Another reason bigger is likely to be better for some healthcare systems concerns the role of size in increasing the accuracy of assessments of the costs (and financial risks) of providing bundled services. Smaller referring hospitals may have less experience with (and therefore less confidence when) assessing the specific financial risks associated with complex conditions with multiple co-morbidities, prolonged hospitalizations, and readmissions than the larger institutions to which such patients are referred. In general, Porter notes that their greater precision in predicting variables such as the number of days in intensive care, risk of readmission, and long-term outcomes in cases involving such “high-risk” patients will advantage healthcare systems. Any redesign of our hospitals and healthcare system must try to harmonize the interests of all its major stakeholders. Patients need to be taken care of, as do hospitals, healthcare providers, and third-party payers. Accurate modeling of outcomes and costs is needed to achieve this goal.6
Less clear, however, is the role of public disclosure in value-based healthcare, at least in its present early stages.7 One less widely expressed concern about our healthcare system is the natural tendency of physicians whose outcomes are being tracked to refer more high-risk patients to other centers to burnish their own track records. The fact that published outcomes may not be risk-adjusted goes a long way in explaining the paradox that many of our leading medical centers do not report the best outcomes and costs. Simply put, crude measures (those making no attempt to adjust for risk) of outcomes may be worse because the patients they care for are sicker.

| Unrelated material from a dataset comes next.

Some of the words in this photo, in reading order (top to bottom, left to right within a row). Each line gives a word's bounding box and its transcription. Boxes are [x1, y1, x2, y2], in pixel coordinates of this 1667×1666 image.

So, while there are clearly good reasons for hospitals and individual physicians to put information about their outcomes and costs in the public domain, this practice has a clear potential downside—unwarranted transfers of high-risk patients from one center to another mainly to pad the hospitals or its individual physicians’ published outcome statistics. The net effect of all this is to distort and undermine the informative value of the statistics themselves.8
If the limits of this kind of information are not readily apparent to most patients and “retail” consumers of healthcare, such limits are very well understood by hospital administrators and the health insurers that provide much of the financial backing for the U.S. healthcare system. It is largely because of the uncertainty and the associated potential for distortion that surrounds this risk adjustment process that bundled care focuses mainly on the standard care for a typical patient. The models used to estimate bundled costs for high-risk patients are still evolving. In the meantime, hospitals like the Clinic with a disproportionate number of such patients face the challenge of bundling the cost of care while being adequately compensated.9 To be sure, national payers like the Centers for Medicare and Medicaid Services (CMS) do risk-adjust payments for Medicare Advantage plans based on the patient's demographics and health status in the medical records. But this is just a first step toward what Porter envisions as a more cost-effective U.S. healthcare system.

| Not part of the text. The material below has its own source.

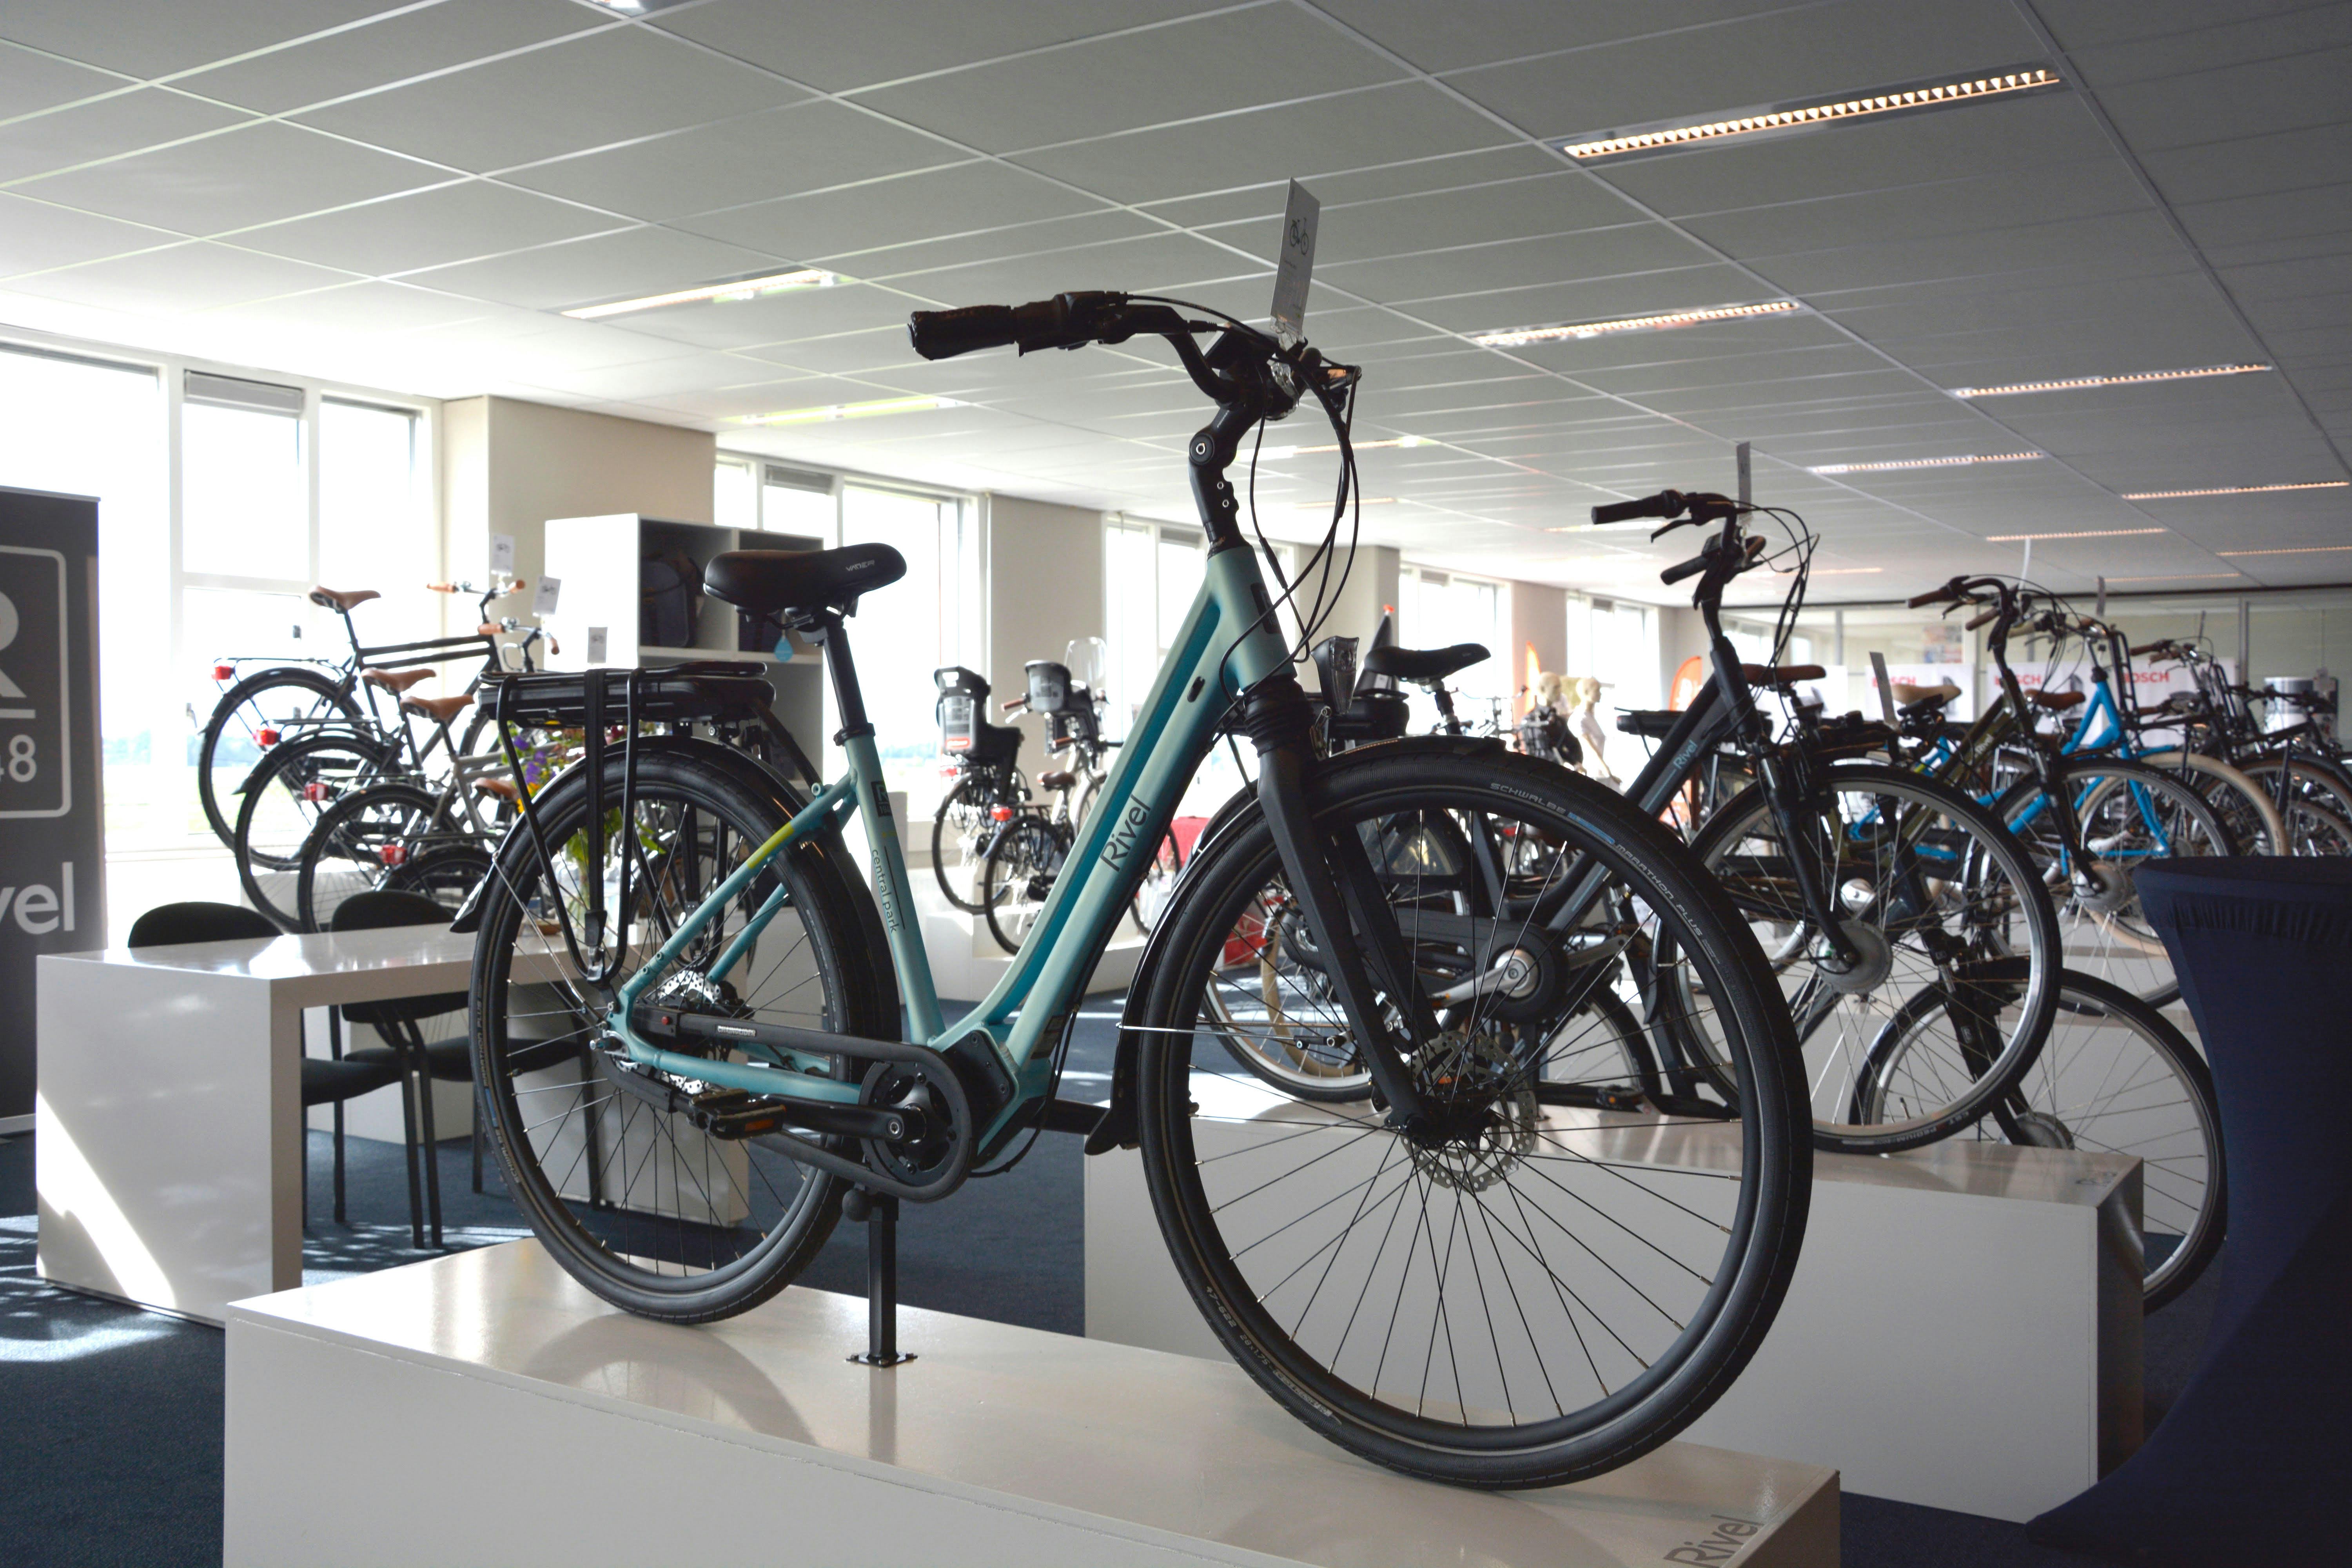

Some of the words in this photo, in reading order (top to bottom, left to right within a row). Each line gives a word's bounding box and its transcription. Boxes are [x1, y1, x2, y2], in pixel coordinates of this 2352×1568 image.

The sixth and final element of Porter's model is to build an integrated information technology (IT) platform that helps healthcare systems to better measure outcomes and, where necessary, rethink and restructure the delivery of care. This will be difficult to achieve without standard data definitions and elements that include medical notes, images, and laboratory reports from the electronic medical record (EMR).10 The overall architecture should not only serve as a medical record, but also be designed to yield measures of outcomes, process, and costs for each patient and medical condition. These are all moving targets that have been made possible by continuous progress and improvements in treatments and reductions in costs. Moreover, such a technology platform must be designed to facilitate communication and provide accurate comparisons of outcomes and costs between organizations. Hospitals are working toward these goals, but there is a long way to go and change will require a very large investment of capital—both human and financial.
Advanced computing systems and artificial intelligence hold out the promise for managing massive amounts of data in real time. As one example, the Cleveland Clinic has recently entered into collaboration with IBM to use quantum computing and artificial intelligence for clinical research on treating medical disorders such as cancer, Alzheimer's disease, and diabetes.11 These kinds of sophisticated IT systems are likely to prove useful in predicting risk-adjusted outcomes and costs more accurately and efficiently, which, in turn, should provide the basis for identifying the most cost-effective care pathways.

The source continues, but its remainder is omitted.